▶ _TASK ITEM_: Make an exact copy of all the records, one that contains none of the pictures.

▶ _EXCERPTED RECORDS_:
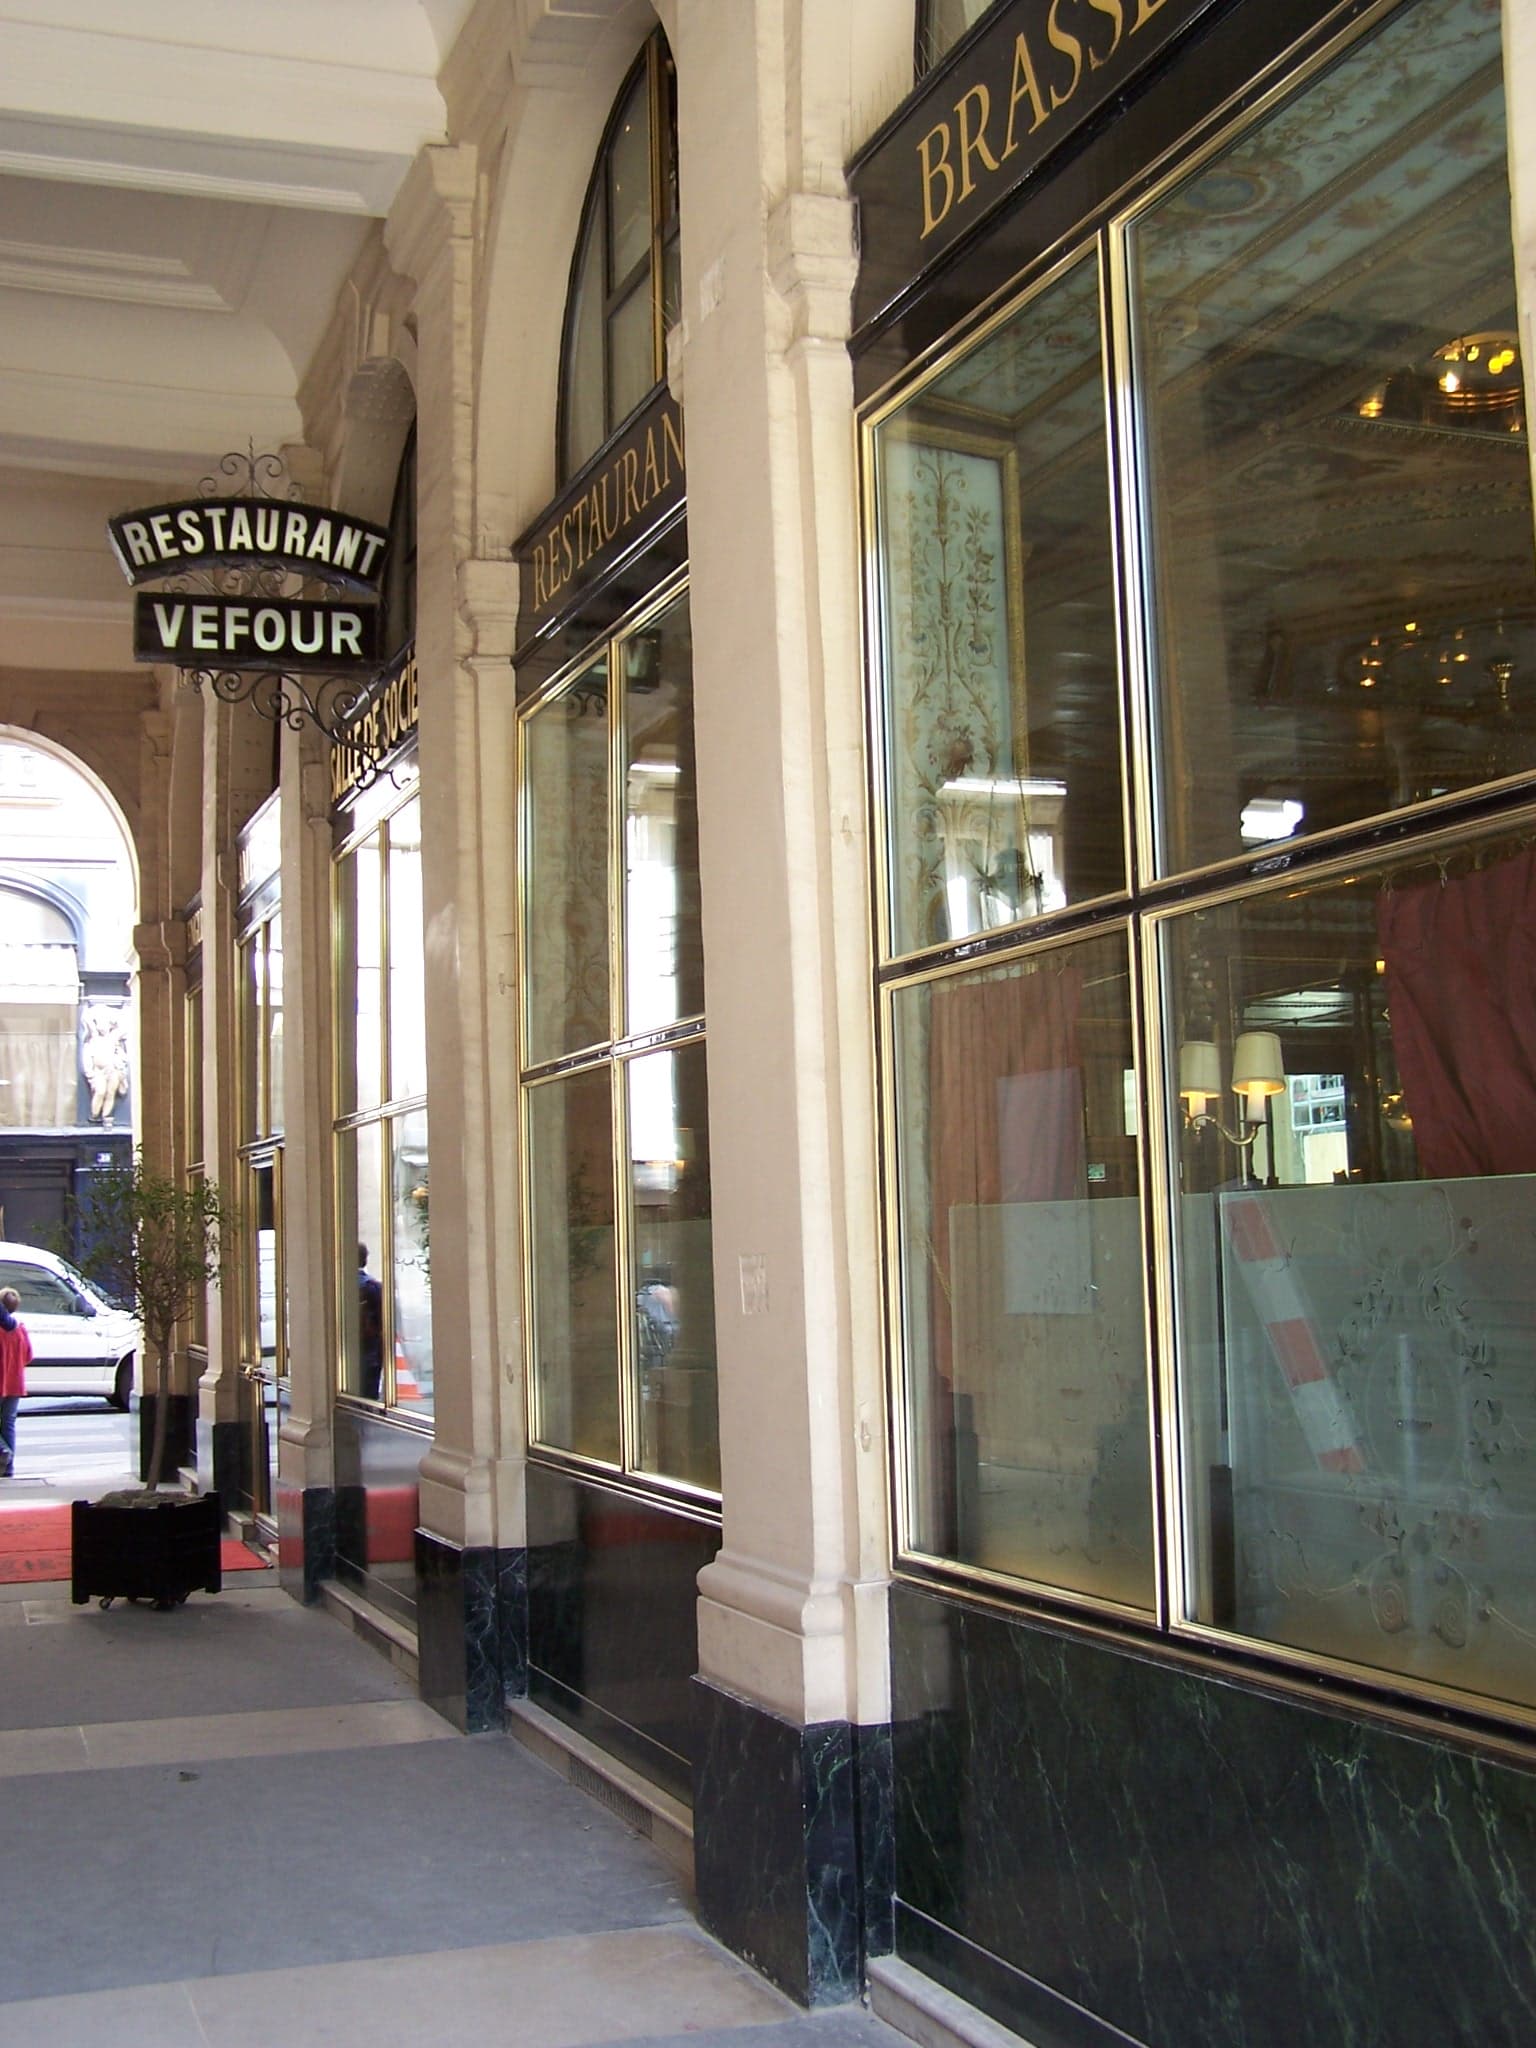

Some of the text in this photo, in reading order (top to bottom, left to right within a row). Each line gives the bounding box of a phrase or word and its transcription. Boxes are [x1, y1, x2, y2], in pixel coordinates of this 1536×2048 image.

[916, 0, 1168, 240] BRASS
[122, 507, 385, 575] RESTAURANT
[153, 603, 363, 656] VEFOUR
[330, 720, 362, 803] SALLE
[363, 698, 380, 770] DE

▶ _TASK ANSWER_:
Some of the text in this photo, in reading order (top to bottom, left to right within a row). Each line gives the bounding box of a phrase or word and its transcription. Boxes are [x1, y1, x2, y2], in pixel coordinates of this 1536×2048 image.

[916, 0, 1168, 240] BRASS
[122, 507, 385, 575] RESTAURANT
[153, 603, 363, 656] VEFOUR
[330, 720, 362, 803] SALLE
[363, 698, 380, 770] DE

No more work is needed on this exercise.